Avoiding drug interactions: Ferrous gluconate interacts with certain medications and requires staggered administration:

Separate administration from tetracycline antibiotics (e.g., doxycycline) by ≥2 hours (to avoid forming insoluble complexes that reduce efficacy).

Separate administration from thyroid hormones (e.g., levothyroxine) by ≥4 hours (to avoid interfering with thyroid hormone absorption).

Can be co-administered with acid suppressants (e.g., proton pump inhibitors): Although acid suppressants may slightly reduce iron absorption, they also reduce gastrointestinal irritation, resulting in an overall net benefit.

IV. Safety and Limitations of Long-Term Treatment

(I) Safety: Low Adverse Effects and Controllable Risks

The long-term safety of ferrous gluconate has been confirmed in numerous clinical studies, with core advantages of "good gastrointestinal tolerance and no severe long-term toxicity":

Short-term adverse effects: Primarily mild gastrointestinal reactions (bloating, constipation, nausea) with an incidence of 10%–15%—far lower than the 30%–50% incidence of ferrous sulfate. Symptoms typically occur in the early treatment stage and may diminish as patients adapt. Adverse effects can be further reduced by "taking after meals, splitting into multiple doses, or using sustained-release formulations" (e.g., ferrous gluconate sustained-release tablets, administered once daily to reduce blood concentration fluctuations).

Long-term safety: No definite organ toxicity (e.g., liver or kidney damage) has been observed in patients taking ferrous gluconate long-term (12–24 months), and the risk of iron overload is extremely low. Due to continuous iron loss in patients with chronic hemorrhagic diseases, iron is prioritized for hematopoiesis and offsetting losses even with long-term use, making excessive accumulation unlikely. Only when "iron loss suddenly decreases (e.g., failure to reduce doses after etiological cure)" or "doses are excessively high" may ferritin increase, which can be completely avoided through regular monitoring and dose adjustment.

(II) Limitations and Suitable Populations

Ferrous gluconate is not suitable for all patients with chronic hemorrhagic diseases, and its limitations should be clearly recognized:

Patients with absorption disorders: Patients with severe gastrointestinal diseases (e.g., inflammatory bowel disease, post-gastrectomy) have impaired small intestinal mucosal absorption, resulting in significantly reduced bioavailability of oral iron supplements (including ferrous gluconate). These patients require switching to intravenous iron supplements (e.g., iron sucrose).

Patients with severe anemia: For patients with severe anemia (hemoglobin < 60 g/L), oral iron supplements correct anemia slowly (hemoglobin increases by 0.5–1 g/L daily).

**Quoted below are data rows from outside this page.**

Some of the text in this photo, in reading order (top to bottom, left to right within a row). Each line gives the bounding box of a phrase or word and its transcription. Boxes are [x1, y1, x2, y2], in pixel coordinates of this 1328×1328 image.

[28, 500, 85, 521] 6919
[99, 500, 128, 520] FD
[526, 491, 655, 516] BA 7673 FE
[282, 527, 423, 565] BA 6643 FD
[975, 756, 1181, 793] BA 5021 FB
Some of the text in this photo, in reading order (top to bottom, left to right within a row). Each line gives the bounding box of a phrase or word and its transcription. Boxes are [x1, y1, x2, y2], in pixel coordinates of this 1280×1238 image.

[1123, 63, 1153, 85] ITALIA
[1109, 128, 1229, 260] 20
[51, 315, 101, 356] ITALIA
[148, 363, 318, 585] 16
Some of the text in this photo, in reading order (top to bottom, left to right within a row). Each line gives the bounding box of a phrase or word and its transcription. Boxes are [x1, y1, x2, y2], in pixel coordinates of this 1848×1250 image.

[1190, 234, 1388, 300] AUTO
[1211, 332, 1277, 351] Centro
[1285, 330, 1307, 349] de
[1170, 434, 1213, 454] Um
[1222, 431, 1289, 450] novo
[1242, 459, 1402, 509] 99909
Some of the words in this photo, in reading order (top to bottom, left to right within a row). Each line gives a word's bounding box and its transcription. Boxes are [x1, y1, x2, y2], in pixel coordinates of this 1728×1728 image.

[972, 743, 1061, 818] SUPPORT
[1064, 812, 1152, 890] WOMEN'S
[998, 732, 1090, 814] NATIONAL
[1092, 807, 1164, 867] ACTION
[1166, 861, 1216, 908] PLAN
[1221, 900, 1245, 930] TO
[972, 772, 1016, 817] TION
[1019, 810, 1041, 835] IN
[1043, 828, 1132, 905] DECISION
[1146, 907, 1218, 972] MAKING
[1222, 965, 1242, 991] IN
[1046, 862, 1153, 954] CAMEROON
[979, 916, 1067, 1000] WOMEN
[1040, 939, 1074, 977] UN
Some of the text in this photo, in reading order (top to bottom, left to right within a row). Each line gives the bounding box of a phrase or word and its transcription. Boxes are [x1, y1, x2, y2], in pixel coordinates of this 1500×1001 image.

Intravenous iron supplementation should be used first to rapidly improve anemia; once hemoglobin rises above 80 g/L, switch to ferrous gluconate for long-term maintenance.

Patients allergic to iron supplements: Rarely, patients may be allergic to ferrous gluconate (e.g., rash, dyspnea); switch to other iron supplement types (e.g., iron polysaccharide complexes) or intravenous iron.

Ferrous gluconate has emerged as the preferred medication for meeting "long-term iron supplementation needs" in chronic hemorrhagic diseases, thanks to its core advantages of "good gastrointestinal tolerance, stable bioavailability, iron store restoration, and target organ protection." Its therapeutic value extends beyond "correcting anemia symptoms" to include "maintaining iron homeostasis, synergizing with etiological treatment, and reducing anemia recurrence," significantly improving patients’ long-term quality of life and prognosis.

In clinical practice, the principles of "individualized dosing, phased treatment, and regular monitoring" should be followed, combined with etiological treatment, to maximize its long-term therapeutic value. For most patients with chronic hemorrhagic diseases without absorption disorders, ferrous gluconate serves as a first-line option for long-term iron supplementation, providing critical support to break the vicious cycle of "hemorrhage → iron deficiency → organ damage."